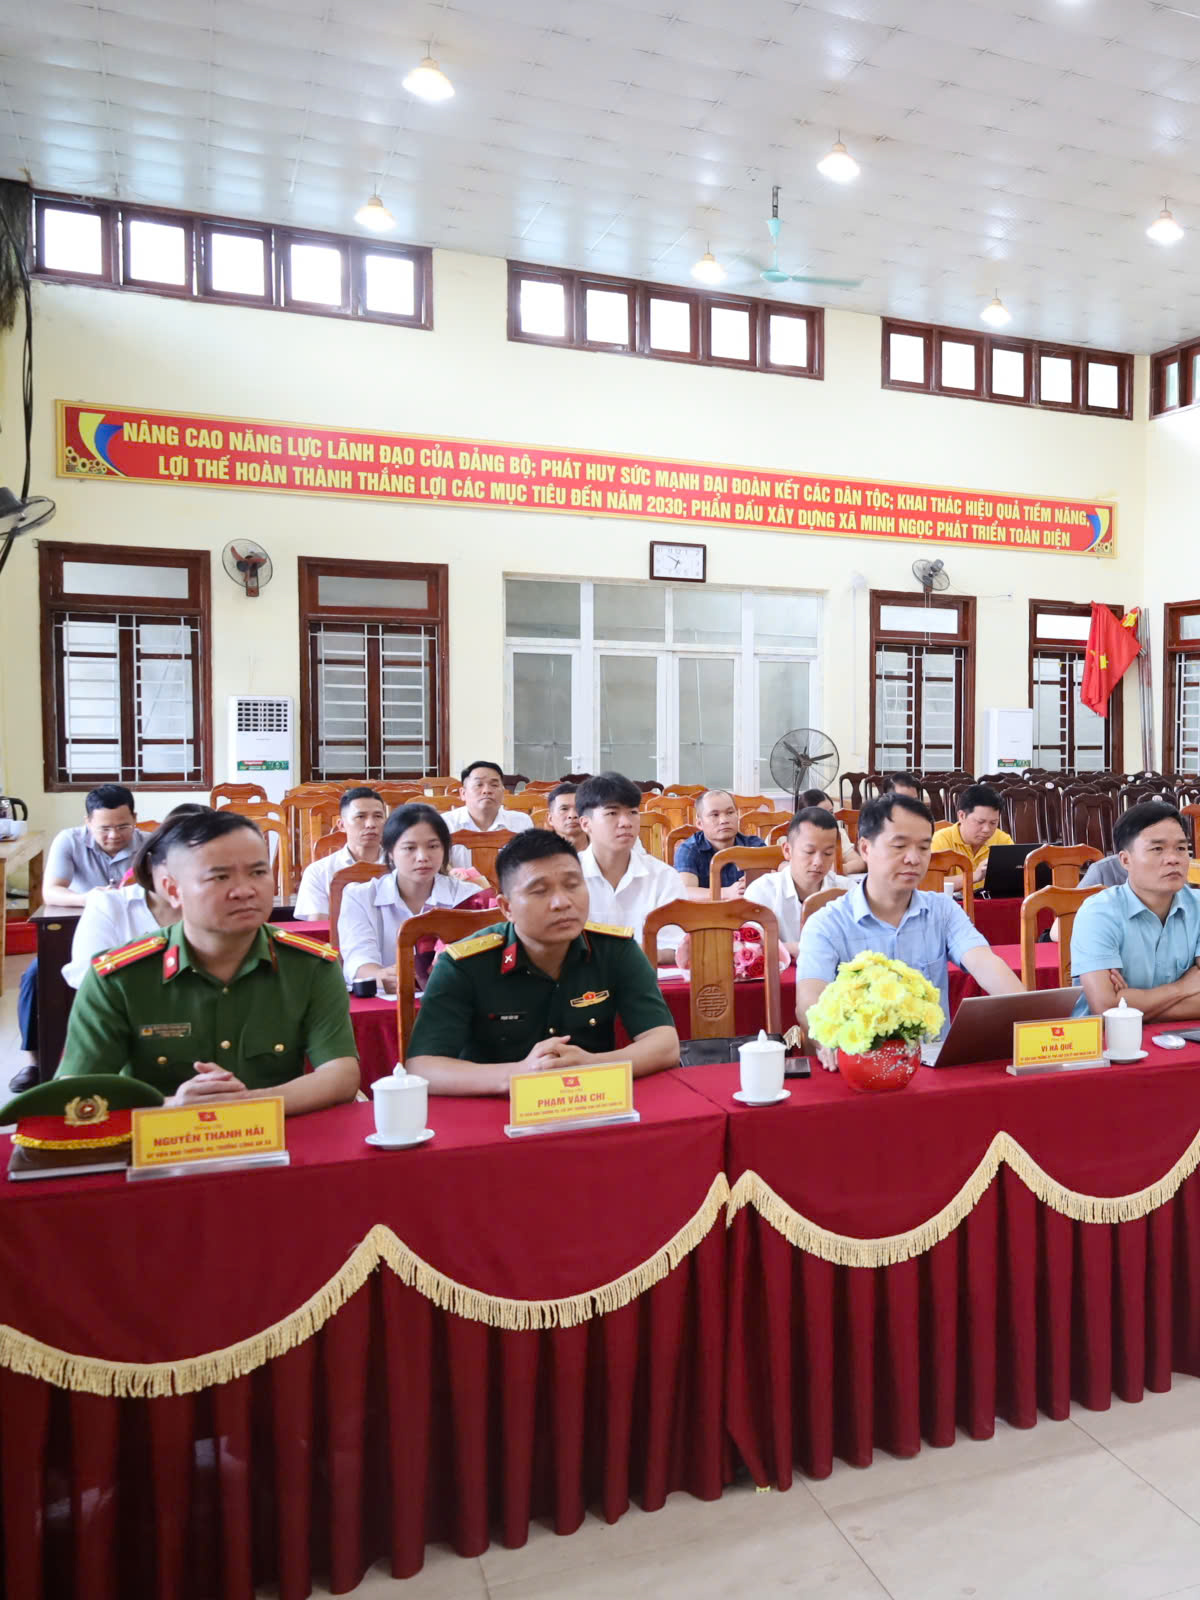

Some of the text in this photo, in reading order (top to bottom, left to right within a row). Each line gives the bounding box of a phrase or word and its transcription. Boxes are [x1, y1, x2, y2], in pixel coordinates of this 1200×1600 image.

[123, 420, 179, 446] NÂNG
[186, 428, 224, 449] CAO
[229, 429, 283, 454] NĂNG
[288, 437, 323, 460] LỰC
[327, 438, 375, 462] LÃNH
[379, 445, 415, 469] ĐẠO
[420, 444, 455, 469] CỦA
[459, 447, 505, 473] ĐẢNG
[509, 454, 536, 479] BỘ;
[541, 457, 582, 479] PHÁT
[586, 463, 616, 482] HUY
[620, 465, 651, 486] SỨC
[655, 470, 700, 492] MẠNH
[704, 475, 728, 496] ĐẠI
[732, 476, 771, 497] ĐOÀN
[775, 479, 800, 500] KẾT
[803, 483, 831, 503] CÁC
[834, 486, 862, 505] DÂN
[865, 488, 895, 510] TỘC;
[897, 494, 928, 511] KHAI
[930, 496, 963, 514] THÁC
[965, 498, 994, 520] HIỆU
[996, 500, 1021, 520] QUẢ
[1054, 506, 1092, 527] NĂNG,
[158, 455, 1072, 551] LỢI THẾ HOÀN THÀNH THẮNG LỢI CÁC MỤC TIÊU ĐẾN NĂM 2030; PHẤN ĐẤU XÂY DỰNG XÃ MINH NGỌC PHÁT TRIỂN TOÀN DIỆN
[153, 1131, 201, 1147] NGUYỄN
[205, 1128, 242, 1141] THANH
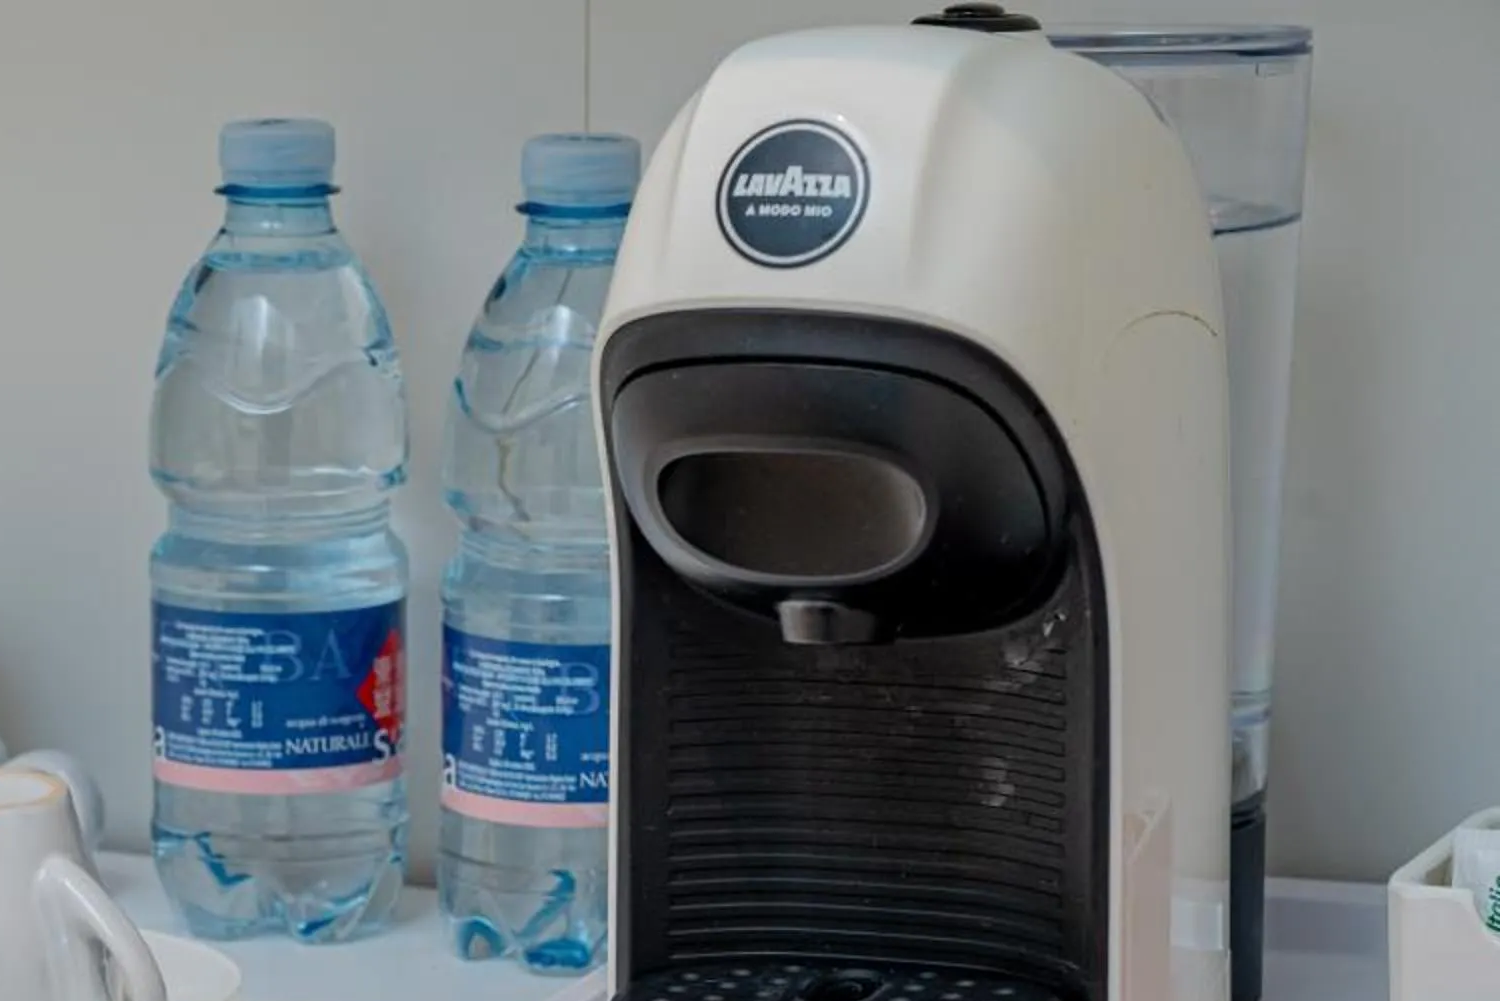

▶ Required work: Repeat each line of the records above exactly, but do not copy the pictures.

▶ Response area:
Some of the text in this photo, in reading order (top to bottom, left to right within a row). Each line gives the bounding box of a phrase or word and its transcription. Boxes are [x1, y1, x2, y2], in pixel coordinates of this 1200×1600 image.

[123, 420, 179, 446] NÂNG
[186, 428, 224, 449] CAO
[229, 429, 283, 454] NĂNG
[288, 437, 323, 460] LỰC
[327, 438, 375, 462] LÃNH
[379, 445, 415, 469] ĐẠO
[420, 444, 455, 469] CỦA
[459, 447, 505, 473] ĐẢNG
[509, 454, 536, 479] BỘ;
[541, 457, 582, 479] PHÁT
[586, 463, 616, 482] HUY
[620, 465, 651, 486] SỨC
[655, 470, 700, 492] MẠNH
[704, 475, 728, 496] ĐẠI
[732, 476, 771, 497] ĐOÀN
[775, 479, 800, 500] KẾT
[803, 483, 831, 503] CÁC
[834, 486, 862, 505] DÂN
[865, 488, 895, 510] TỘC;
[897, 494, 928, 511] KHAI
[930, 496, 963, 514] THÁC
[965, 498, 994, 520] HIỆU
[996, 500, 1021, 520] QUẢ
[1054, 506, 1092, 527] NĂNG,
[158, 455, 1072, 551] LỢI THẾ HOÀN THÀNH THẮNG LỢI CÁC MỤC TIÊU ĐẾN NĂM 2030; PHẤN ĐẤU XÂY DỰNG XÃ MINH NGỌC PHÁT TRIỂN TOÀN DIỆN
[153, 1131, 201, 1147] NGUYỄN
[205, 1128, 242, 1141] THANH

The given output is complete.